Contacts between Turkey and the US over the security of Kabul’s international airport after the US pullout will continue, Turkey’s national defense minister said Friday.
“No decision has been reached at the moment,” Hulusi Akar told reporters after his visit to Kyrgyzstan and Tajikistan.
“We will discuss the outcome of the talks at a meeting chaired by our president. And we will put the plan into effect after the president’s approval,” he said.
A delegation of US State Department and Pentagon officials arrived in Ankara last week to discuss progress on efforts to keep Hamid Karzai International Airport in Kabul operational after the US troop pullout, set to conclude by Sept. 11.

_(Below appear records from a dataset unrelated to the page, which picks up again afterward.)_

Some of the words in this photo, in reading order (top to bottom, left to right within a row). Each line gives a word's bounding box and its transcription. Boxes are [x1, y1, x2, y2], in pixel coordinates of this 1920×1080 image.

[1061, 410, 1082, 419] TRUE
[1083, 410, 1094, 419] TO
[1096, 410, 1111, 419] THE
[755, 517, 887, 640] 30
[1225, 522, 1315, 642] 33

Both parties later agreed to continue discussions, a Turkish National Defense Ministry statement said.
The situation in Afghanistan heated up after US President Joe Biden announced that all American forces will withdraw from the war-torn country by Sept. 11, with NATO allies doing the same.
Biden and Turkish President Recep Tayyip Erdoğan discussed the issue at a recent NATO leaders’ summit in Brussels.

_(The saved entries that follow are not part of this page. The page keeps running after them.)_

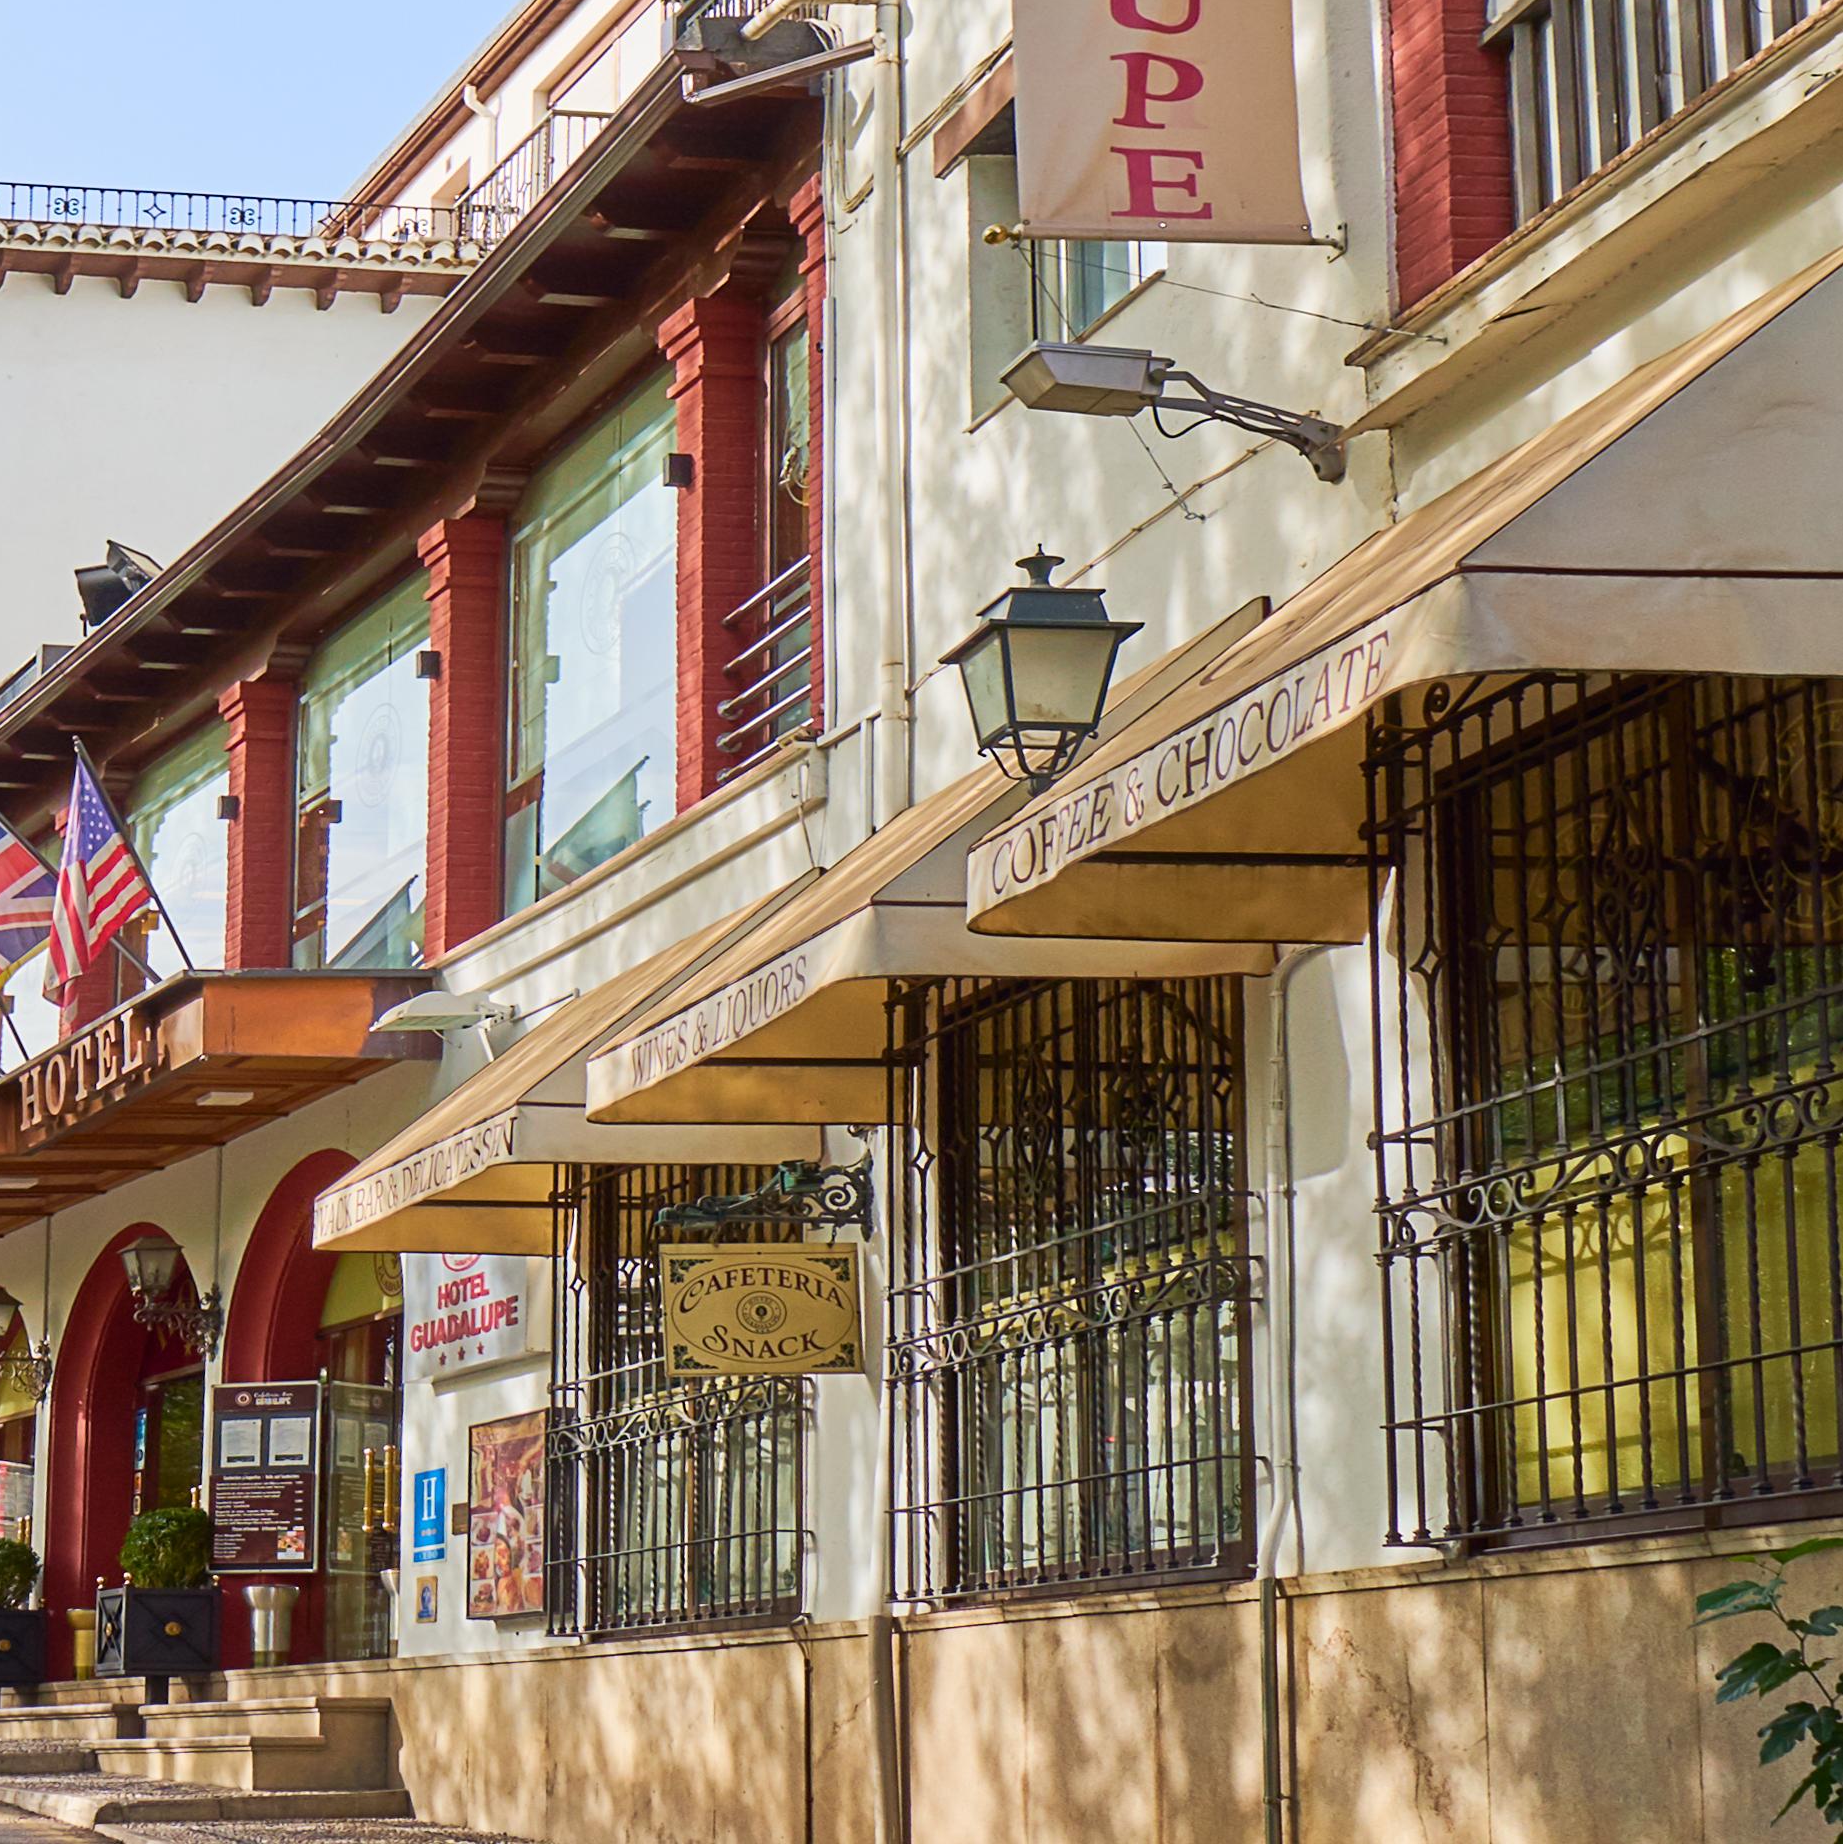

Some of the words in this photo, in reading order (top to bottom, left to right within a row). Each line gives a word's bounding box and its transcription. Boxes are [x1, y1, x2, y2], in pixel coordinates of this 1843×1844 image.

[992, 783, 1115, 895] COFFEE
[1124, 767, 1145, 826] &
[1156, 630, 1391, 808] CHOCOLATE
[630, 1020, 689, 1088] WINES
[692, 1011, 708, 1057] &
[712, 955, 808, 1047] LIQUORS
[20, 1008, 144, 1133] HOTEL
[355, 1179, 384, 1223] BAR
[387, 1172, 399, 1210] &
[437, 1272, 490, 1310] HOTEL
[679, 1267, 846, 1314] CAFETERIA
[410, 1294, 520, 1353] GUADALUPE
[702, 1323, 827, 1359] SNACK
[421, 1477, 437, 1521] H

Ankara has been running the military and logistic operations of the Kabul airport for six years as part of the NATO-led Resolute Support Mission.
Turkey, whose forces in Afghanistan have always been noncombatants, has reportedly offered to guard the airport amid questions over how security will be assured along major transport routes and at the airport, which is the main gateway to the capital.